Deferred Compensation Plans
- Deferred Compensation plans have a tax-deferral benefit which means that no current taxes are due on the interest or earnings until money is actually withdrawn. Earnings compound without taxation, allowing a potentially greater savings accumulation over time.
- Employees/participants may allocate deferrals among any of the specific investment options currently made available through the Plan(s). Minimum deferral amounts are $30 monthly, $15 semi-monthly, $14 bi-weekly, or $7.50 weekly.
- To help defray the cost of administering the Plans, participant account(s) are subject to an asset fee. No state or other employers’ dollars are used to pay for administration of this program.
Supplemental Retirement Plans
The 457 Plan, offered since 1975, is a deferred compensation plan for Kentucky State Government, schools and universities, and local governments authorized by Section 457 of the U.S. Internal Revenue Code.
The 401(k) Plan, offered since 1985, is a cash or deferral arrangement authorized under Section 401(k) of the United States Internal Revenue Code. This plan is available to the same entities as the 457 Plan.

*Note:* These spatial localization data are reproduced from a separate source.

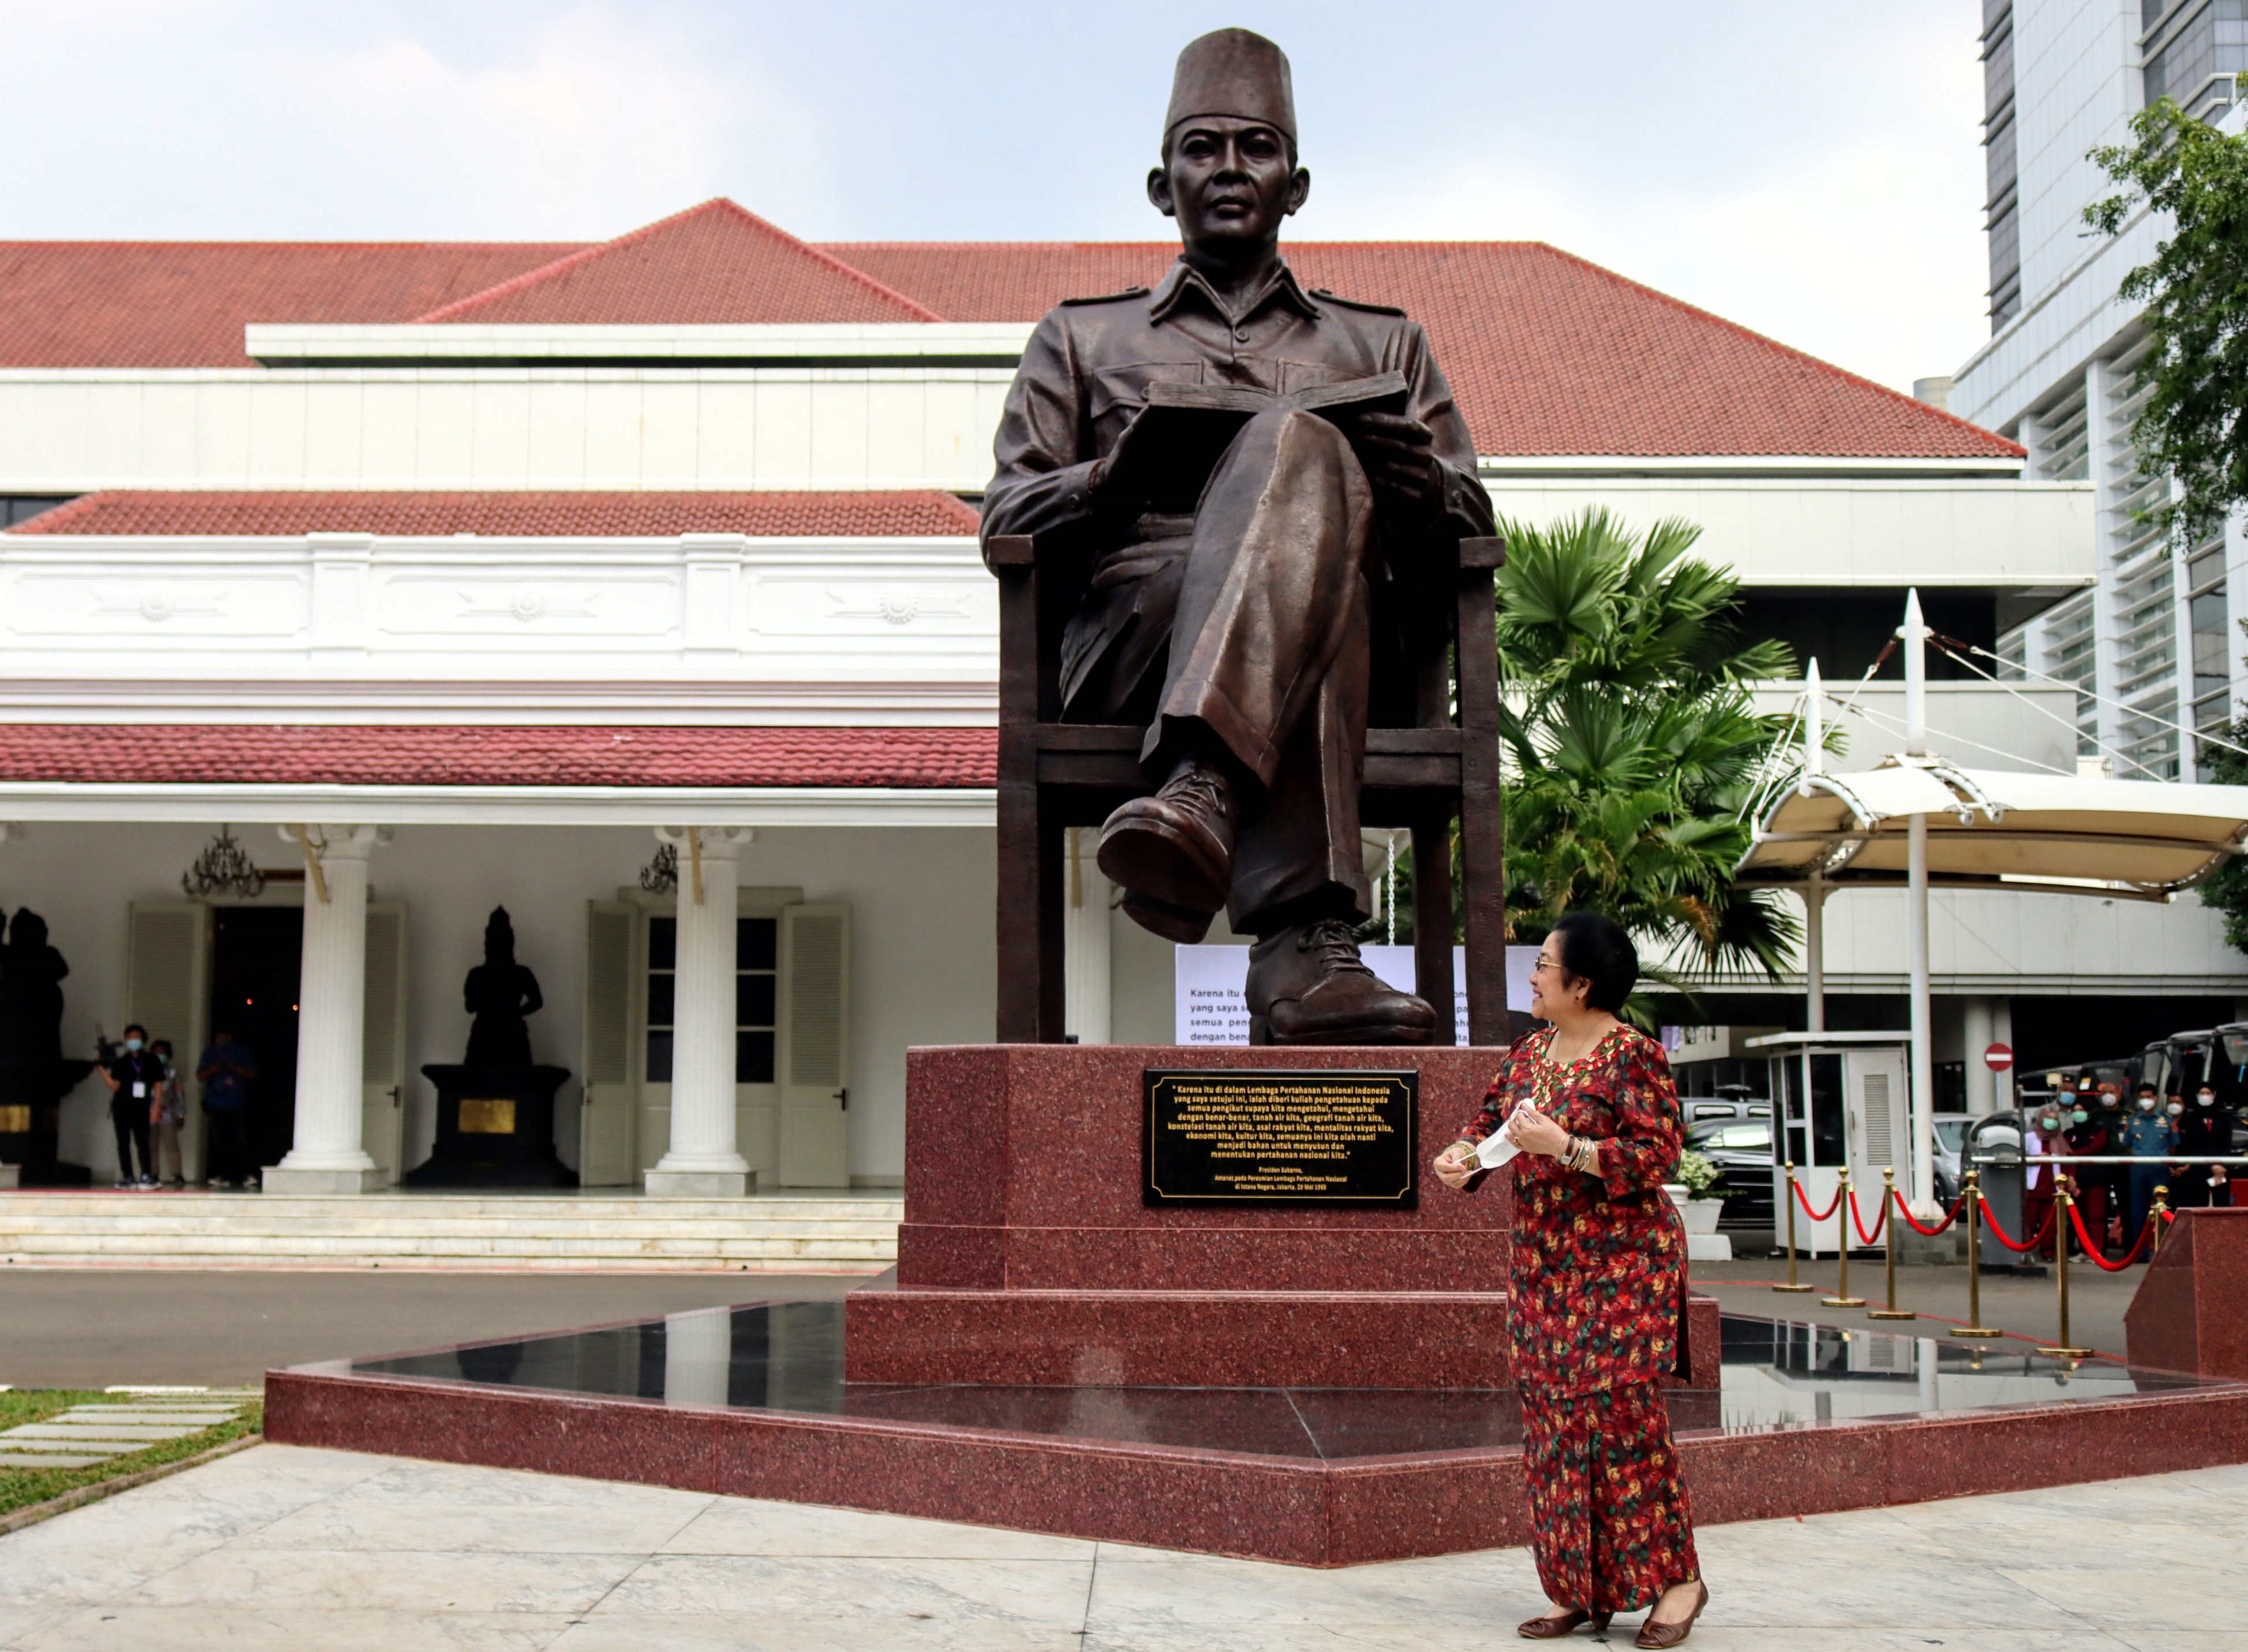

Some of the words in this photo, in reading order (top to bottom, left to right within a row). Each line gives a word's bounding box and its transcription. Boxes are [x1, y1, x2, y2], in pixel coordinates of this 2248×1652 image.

[1191, 1005, 1213, 1013] yang
[1217, 1005, 1237, 1013] saya
[1191, 1033, 1226, 1042] dengan
[1247, 1086, 1278, 1095] Lembaga
[1210, 1095, 1234, 1104] setujui
[1314, 1096, 1361, 1105] pengetahuan
[1362, 1096, 1388, 1105] kepada
[1212, 1105, 1243, 1114] pengikut
[1332, 1105, 1374, 1114] mengetahui
[1177, 1114, 1204, 1122] dengan
[1303, 1114, 1333, 1123] geografi
[1272, 1124, 1295, 1132] rakyat
[1353, 1124, 1376, 1133] rakyat
[1217, 1141, 1246, 1151] menjadi
[1257, 1151, 1298, 1160] pertahanan
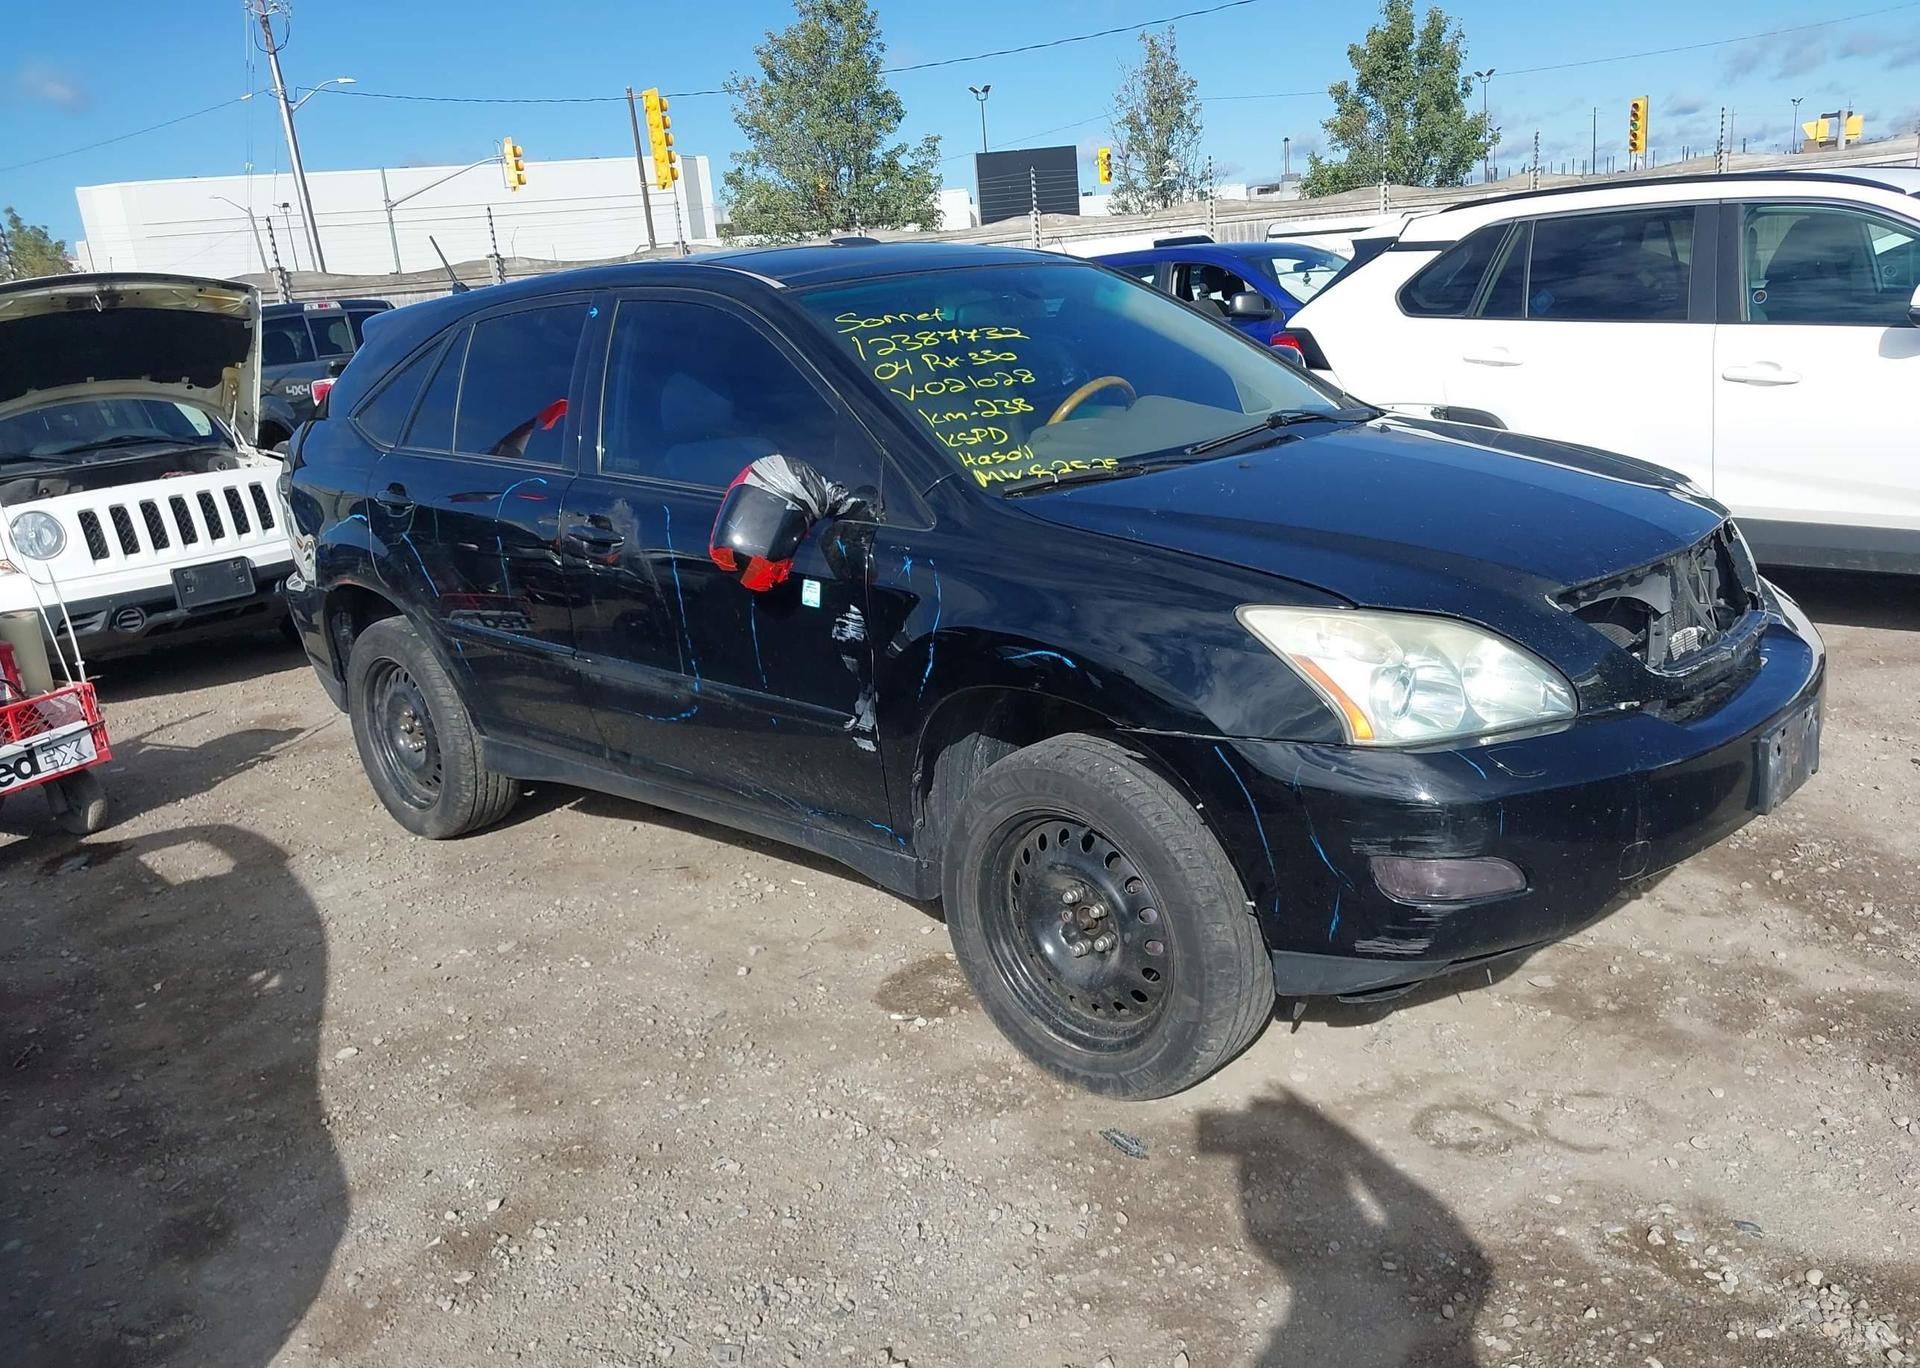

- Generally, participants may defer up to 100% of includible compensation, after deducting contributions to the state retirement plan(s). Participants must, however, also allow for the withholding of FICA, local, and similar taxes which do not recognize pre-tax contributions. There is an annual dollar limit of $15,500 in 2008.
- Deferrals and earnings are put in trust in participant’s name immediately after clearing the State Treasury and upon completion of the investment process.
- A special three-year “catch-up” provision (up to twice the annual maximum in deferrals per year) is available in the three calendar years prior to participant’s planned normal retirement age. A separate “Baby Boomer” catch-up may be available for participants age 50 and over, but cannot be used in the same year the three-year catch-up is used. This “Baby Boomer” catch-up is $5,000 in 2008 and increases the annual deferral limit to $20,500 for participants who are age 50 or older in 2008.
- Benefits must begin by April 1 of the calendar year after the calendar year in which participants reach age 70½.
- There is no penalty tax for early (before age 55) distributions upon termination of employment.
- “Rollovers” are permitted to a 401(a), 401(k), 403(b) Plan or IRA, and assets may be “transferred” to or from another 457 Plan. 457 Plan assets may be transferred to KERS, KTRS, or Judicial and Legislative Retirement Systems to purchase service credits for a $75 fee (including “air time”).
- Cafeteria Plan (or benefits) money cannot be invested in this Plan.
- Loan provisions and eligible unforeseen financial emergency withdrawals are available. The minimum loan amount is $1,000 (and the account balance must be at least $2,000). The maximum loan amount is 50% of participant’s eligible account balance (not to exceed $50,000 for all outstanding loans). Participants may borrow only against their before-tax account balance.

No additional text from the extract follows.